The Iso-Seq pipeline is a set of software developed by PacBio that allows to go from raw reads (in bax.h5/bas.h5 format) and generate the high-confidence transcriptome.
Here's an overview of it:
- In the first step, subreads are assembled generating Reads Of Insert (ROI), the single highest quality consensus per insert, and saved to fastq format.
- In the second step ("Classify"), the ROI were determined as full-length non-chimeric (FL) or non full-length (nFL), depending on the presence or not of both 5' and 3' primers at the read ends.
- In the third step ("Cluster"), the FL ROIs were fed into ICE (Iterative Clustering and Error correction) to generate clusters of isoforms, while nFL reads were attributed to the clusters a posteriori.
- In the fourth step, the clusters were polished using Quiver: the final transcript isoform consensus was generated, and saved in fastq format.
What is the output of the Iso-Seq pipeline?
And here's an overview of the structure you get from a real run:
aechchik@frt:/scratch/beegfs/monthly/aechchik/isoforms/cDNA_1-2k_Isoseq$ find . *
.
./qc_report.pdf
./Classify
./Classify/aligned_flnc_reads_of_insert.bam
./Classify/isoseq_primer_info.csv
./Classify/classify_summary.txt
./Classify/isoseq_nfl.fasta
./Classify/isoseq_flnc.fasta
./Classify/isoseq_draft.fasta
./Cluster
./Cluster/cluster_summary.txt
./Cluster/polished_low_qv_consensus_isoforms.fastq
./Cluster/polished_high_qv_consensus_isoforms.fastq
./Cluster/isoseq_cluster_info.csv
./Cluster/consensus_isoforms.fasta
./Cluster/aligned_consensus_isoforms.bam
./reads_of_insert.fastq
Can you tell from which IsoSeq stage did those files come from? (the picture above is here to help)
So, let's take a look of how a set of high-quality isoforms from PacBio looks like.

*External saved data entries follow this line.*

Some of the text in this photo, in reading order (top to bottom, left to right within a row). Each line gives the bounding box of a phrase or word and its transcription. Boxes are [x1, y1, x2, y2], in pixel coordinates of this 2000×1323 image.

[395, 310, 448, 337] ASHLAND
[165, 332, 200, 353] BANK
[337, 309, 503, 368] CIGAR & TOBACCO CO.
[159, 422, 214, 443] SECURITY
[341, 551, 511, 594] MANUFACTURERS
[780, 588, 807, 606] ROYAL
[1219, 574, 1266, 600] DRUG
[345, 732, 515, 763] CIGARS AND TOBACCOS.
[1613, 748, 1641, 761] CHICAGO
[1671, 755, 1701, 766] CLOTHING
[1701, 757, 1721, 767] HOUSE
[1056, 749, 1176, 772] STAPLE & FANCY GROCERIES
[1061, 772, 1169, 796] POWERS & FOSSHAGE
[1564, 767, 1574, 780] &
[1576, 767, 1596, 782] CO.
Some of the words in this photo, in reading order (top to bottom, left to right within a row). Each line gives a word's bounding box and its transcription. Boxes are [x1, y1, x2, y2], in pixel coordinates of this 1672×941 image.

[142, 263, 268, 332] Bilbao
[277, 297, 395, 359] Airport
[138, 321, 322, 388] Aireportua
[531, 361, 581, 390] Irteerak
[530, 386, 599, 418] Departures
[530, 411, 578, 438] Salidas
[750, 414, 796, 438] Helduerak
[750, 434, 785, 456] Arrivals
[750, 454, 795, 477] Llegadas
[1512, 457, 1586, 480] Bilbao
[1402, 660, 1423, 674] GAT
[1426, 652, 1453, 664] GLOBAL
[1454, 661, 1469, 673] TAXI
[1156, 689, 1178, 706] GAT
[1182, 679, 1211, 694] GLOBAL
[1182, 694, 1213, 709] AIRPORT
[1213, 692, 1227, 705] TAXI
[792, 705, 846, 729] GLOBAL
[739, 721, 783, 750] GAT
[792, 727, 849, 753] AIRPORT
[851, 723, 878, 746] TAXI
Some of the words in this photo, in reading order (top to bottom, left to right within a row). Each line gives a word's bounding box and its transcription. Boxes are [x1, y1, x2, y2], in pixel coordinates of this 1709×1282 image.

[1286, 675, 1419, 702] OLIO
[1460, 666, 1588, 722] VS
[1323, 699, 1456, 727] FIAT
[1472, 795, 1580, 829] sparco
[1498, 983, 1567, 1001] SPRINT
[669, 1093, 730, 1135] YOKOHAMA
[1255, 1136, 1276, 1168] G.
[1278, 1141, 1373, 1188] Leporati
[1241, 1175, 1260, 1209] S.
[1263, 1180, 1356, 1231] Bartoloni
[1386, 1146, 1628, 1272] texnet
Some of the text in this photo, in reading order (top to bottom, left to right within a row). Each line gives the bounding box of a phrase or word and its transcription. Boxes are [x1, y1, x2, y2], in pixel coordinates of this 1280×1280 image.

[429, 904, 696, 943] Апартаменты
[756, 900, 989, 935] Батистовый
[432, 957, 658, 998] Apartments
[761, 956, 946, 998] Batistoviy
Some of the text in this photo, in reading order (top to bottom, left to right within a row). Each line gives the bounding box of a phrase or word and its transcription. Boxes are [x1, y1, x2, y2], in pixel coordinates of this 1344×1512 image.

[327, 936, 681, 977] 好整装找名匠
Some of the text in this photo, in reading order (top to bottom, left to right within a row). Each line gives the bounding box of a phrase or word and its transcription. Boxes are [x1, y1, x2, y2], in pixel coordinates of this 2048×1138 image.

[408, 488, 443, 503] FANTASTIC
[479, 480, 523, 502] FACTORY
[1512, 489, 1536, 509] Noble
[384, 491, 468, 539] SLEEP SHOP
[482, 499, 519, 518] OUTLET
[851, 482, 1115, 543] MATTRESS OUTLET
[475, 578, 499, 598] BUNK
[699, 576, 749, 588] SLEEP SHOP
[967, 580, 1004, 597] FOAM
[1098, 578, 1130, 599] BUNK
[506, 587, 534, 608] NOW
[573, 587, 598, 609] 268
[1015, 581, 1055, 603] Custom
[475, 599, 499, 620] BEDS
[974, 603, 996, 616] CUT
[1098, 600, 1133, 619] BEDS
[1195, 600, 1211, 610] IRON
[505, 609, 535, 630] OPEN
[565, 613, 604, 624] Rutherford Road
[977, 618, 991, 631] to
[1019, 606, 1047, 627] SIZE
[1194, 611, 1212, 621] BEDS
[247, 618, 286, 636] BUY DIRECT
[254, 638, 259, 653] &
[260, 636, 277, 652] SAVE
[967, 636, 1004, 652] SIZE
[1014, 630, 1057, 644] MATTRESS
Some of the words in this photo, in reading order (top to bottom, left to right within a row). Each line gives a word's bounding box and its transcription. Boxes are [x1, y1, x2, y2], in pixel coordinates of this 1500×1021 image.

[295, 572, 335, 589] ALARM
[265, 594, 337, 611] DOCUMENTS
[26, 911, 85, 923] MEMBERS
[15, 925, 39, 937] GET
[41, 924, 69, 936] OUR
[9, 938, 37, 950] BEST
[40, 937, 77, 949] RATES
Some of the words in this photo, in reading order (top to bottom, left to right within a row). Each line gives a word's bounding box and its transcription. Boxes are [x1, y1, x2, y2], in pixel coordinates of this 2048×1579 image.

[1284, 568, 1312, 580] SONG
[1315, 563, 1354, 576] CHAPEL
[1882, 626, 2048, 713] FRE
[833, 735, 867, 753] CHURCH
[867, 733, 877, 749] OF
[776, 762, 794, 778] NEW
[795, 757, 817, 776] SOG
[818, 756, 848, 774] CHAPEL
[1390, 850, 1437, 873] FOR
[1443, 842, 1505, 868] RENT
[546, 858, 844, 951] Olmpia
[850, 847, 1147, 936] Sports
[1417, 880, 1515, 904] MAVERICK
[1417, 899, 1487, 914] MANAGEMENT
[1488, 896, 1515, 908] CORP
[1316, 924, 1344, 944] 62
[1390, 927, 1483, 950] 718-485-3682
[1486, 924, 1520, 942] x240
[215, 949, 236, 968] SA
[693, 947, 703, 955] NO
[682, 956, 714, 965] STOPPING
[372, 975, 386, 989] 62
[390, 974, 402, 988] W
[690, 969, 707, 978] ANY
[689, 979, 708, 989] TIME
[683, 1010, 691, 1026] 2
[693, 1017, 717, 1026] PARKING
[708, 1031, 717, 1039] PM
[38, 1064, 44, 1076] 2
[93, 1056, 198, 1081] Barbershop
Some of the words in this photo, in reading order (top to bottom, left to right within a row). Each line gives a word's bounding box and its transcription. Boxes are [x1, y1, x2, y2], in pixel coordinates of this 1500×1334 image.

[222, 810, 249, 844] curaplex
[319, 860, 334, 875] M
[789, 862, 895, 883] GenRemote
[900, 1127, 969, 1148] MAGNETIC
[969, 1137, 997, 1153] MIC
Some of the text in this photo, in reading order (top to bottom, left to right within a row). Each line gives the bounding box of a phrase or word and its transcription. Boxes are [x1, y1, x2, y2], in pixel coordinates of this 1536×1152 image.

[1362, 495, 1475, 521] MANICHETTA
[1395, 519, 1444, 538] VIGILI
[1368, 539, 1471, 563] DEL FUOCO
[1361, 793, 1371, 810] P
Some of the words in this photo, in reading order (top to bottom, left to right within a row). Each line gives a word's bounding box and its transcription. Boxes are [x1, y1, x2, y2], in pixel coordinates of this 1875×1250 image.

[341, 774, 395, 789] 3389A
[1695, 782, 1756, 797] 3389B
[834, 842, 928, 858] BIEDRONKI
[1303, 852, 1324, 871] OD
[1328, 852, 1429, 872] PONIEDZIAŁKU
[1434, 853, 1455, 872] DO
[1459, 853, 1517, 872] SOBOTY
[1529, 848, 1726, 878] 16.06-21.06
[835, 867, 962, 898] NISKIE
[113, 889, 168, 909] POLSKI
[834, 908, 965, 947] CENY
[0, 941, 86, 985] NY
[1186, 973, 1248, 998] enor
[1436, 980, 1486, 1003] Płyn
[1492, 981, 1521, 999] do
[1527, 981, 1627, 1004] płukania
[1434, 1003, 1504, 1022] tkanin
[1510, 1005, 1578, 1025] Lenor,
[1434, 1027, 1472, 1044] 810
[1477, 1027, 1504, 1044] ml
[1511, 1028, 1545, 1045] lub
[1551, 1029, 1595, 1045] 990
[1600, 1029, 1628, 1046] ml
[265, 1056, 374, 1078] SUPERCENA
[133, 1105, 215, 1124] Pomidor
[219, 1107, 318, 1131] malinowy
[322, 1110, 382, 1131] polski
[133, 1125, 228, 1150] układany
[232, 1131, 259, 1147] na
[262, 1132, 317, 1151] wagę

We generated for you a subset of the file we got from Iso-Seq data (corresponding to the polished_high_qv_consensus_isoforms.fastq):
wget https://drive.switch.ch/index.php/s/fhH7oLIQ95EGuPt/download -O pacbioIS_subset.tar.gz
Well, yes. Actually that's it!
At this stage, we can't do better than consider as "transcriptome" the content of the ./Cluster/polished_high_qv_consensus_isoforms.fastq file (the one you just downloaded). Many methods are being developed alongside this main PacBio product, but they are mostly niche-specific (metagenomics, single-gene transcripts...).
This is still the best (and unique) way to get the best transcriptome-wide long-read dataset so far!